'The Kings of Summer'

The new film The Kings of Summer offers a fairly run-of-the-mill ‘coming of age’ plot, but its intelligent, witty dialogue and eccentric characters make it a very enjoyable summertime movie experience; especially if you are looking for cinema entertainment beyond the current crop of superheroes and car crashes.

The Kings of Summer is the first feature film for director Jordan Vogt-Roberts, who has quite an extensive television resume that includes the shows Single Dads and Death Valley. His feature debut, which is brilliantly written by Chris Galletta, is an impressive first effort and is a lot of quirky fun.

Friends Joe (Nick Robinson) and Patrick (Gabriel Basso) have just finished their freshman year of high school and they are both tired of their parent’s rules and restrictions. Joe’s father (Nick Offerman) is a widow and is taking his loneliness out on his son, while Patrick’s parents just seem to be slightly crazy. Both of the teenagers are basically good kids, but that doesn’t seem to be enough for their parents.

After an incident at an end-of-school party, a very strange, impish kid, named Biaggio (Moises Arias), just begins following Joe & Patrick and the three teenagers decide that they will build a house in the woods and live in it in order to get away from their controlling parents.

The trio takes tools and money from their parents and they use discarded wood and other junk pieces they find at construction sites in order to build their makeshift shanty house in the forest. Once completed, they runaway to their new home and leave their parents panicked, not knowing where their kids are for the better part of the summer.

The kids soon discover that their actual survival skills are lacking and they must resort to buying chicken from a local fast-food restaurant in order to keep from starving.
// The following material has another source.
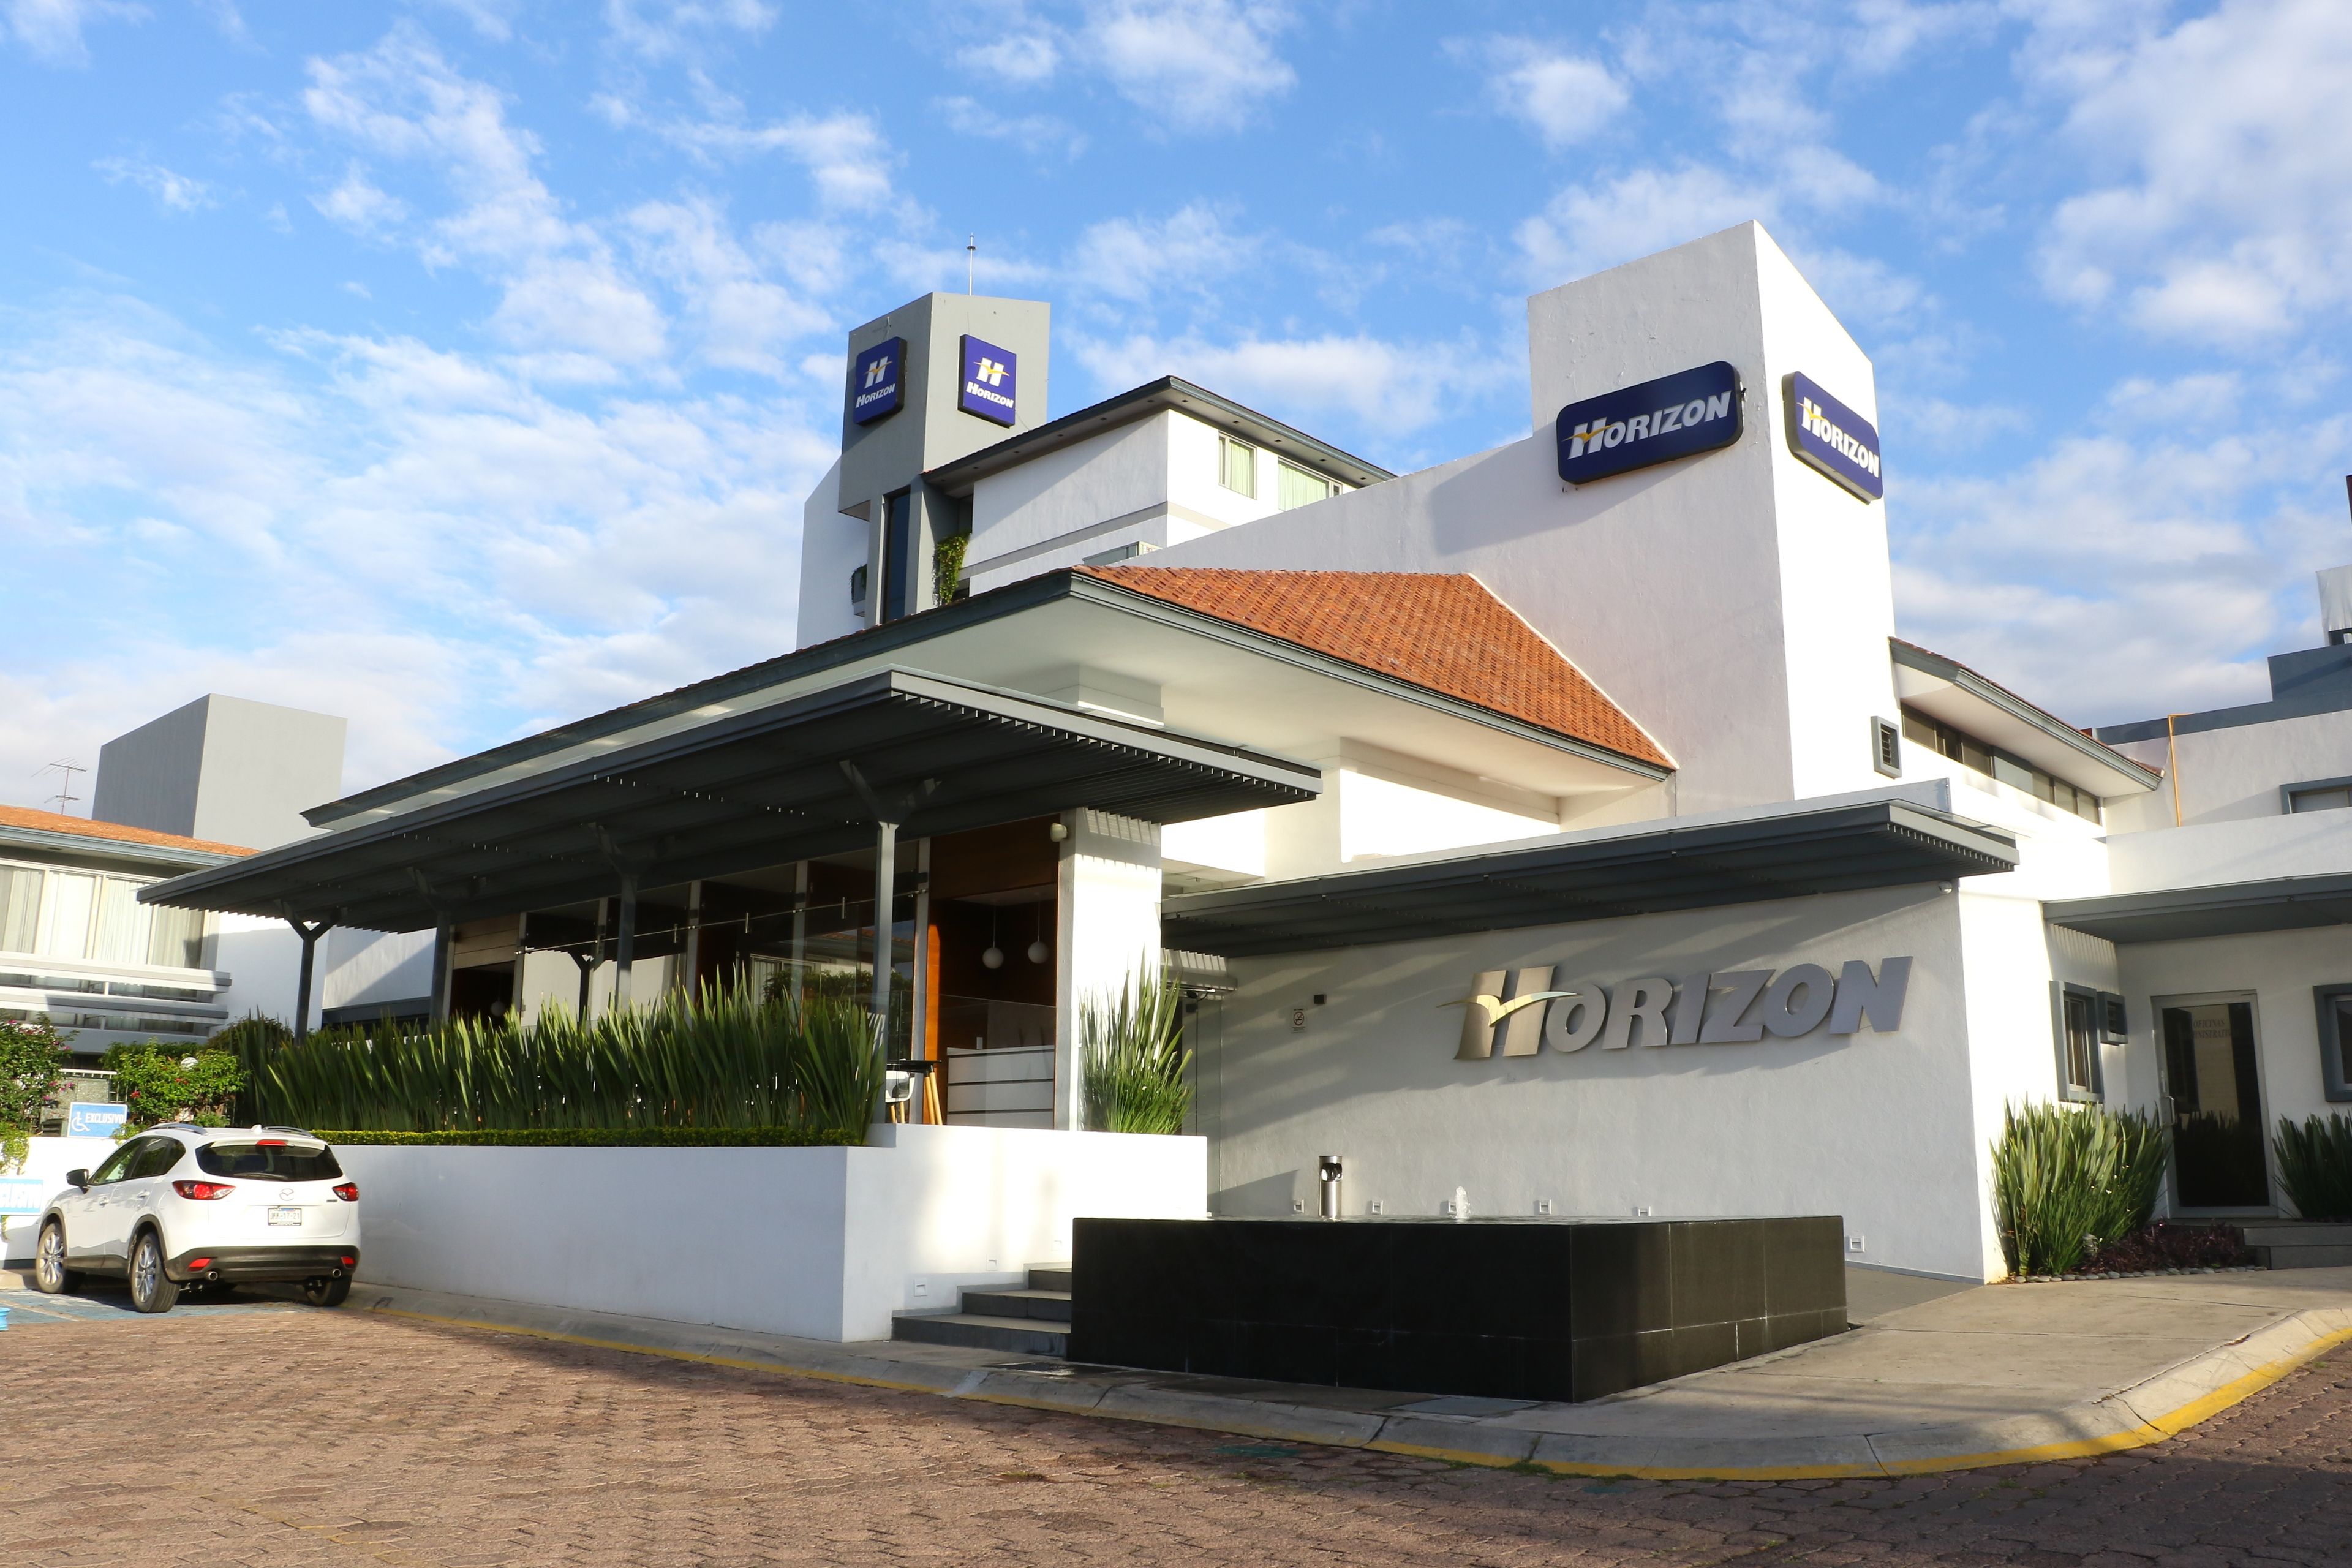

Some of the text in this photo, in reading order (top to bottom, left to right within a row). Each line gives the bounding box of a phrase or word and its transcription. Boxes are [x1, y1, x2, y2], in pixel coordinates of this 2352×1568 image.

Nevertheless, they have a great time living a life of relative freedom until Joe brings his high-school crush Kelly (Erin Moriarty) into the picture, and she has a “Yoko Ono” like effect on the trio, breaking them up and leaving Joe completely on his own in the woods.

The cast in this film is marvelous and with the exception of Mary Lynn Rajskub (24), who plays a small role as a local police officer, the rest of the actors were all unknown to me. Far and away, though, the standout performance in The Kings of Summer is Moises Arias as Biaggio, who hilariously steals every scene he is in and is the best reason to see this movie. He is perfectly cast in this very well written role, and though I know it is highly unlikely, he should be a contender for a Best Supporting Actor Oscar when Academy Award time rolls around next year.

I grew up in the White Mountains of Arizona where my home was literally right on the border of a vast forest, so I’ve built my share of secret forts in the woods and I could easily relate to the kids in this film. The Kings of Summer realistically portrays the freedom that comes with being hidden from the sight and stipulations of the adult world, and the responsibilities that inevitably follow that freedom.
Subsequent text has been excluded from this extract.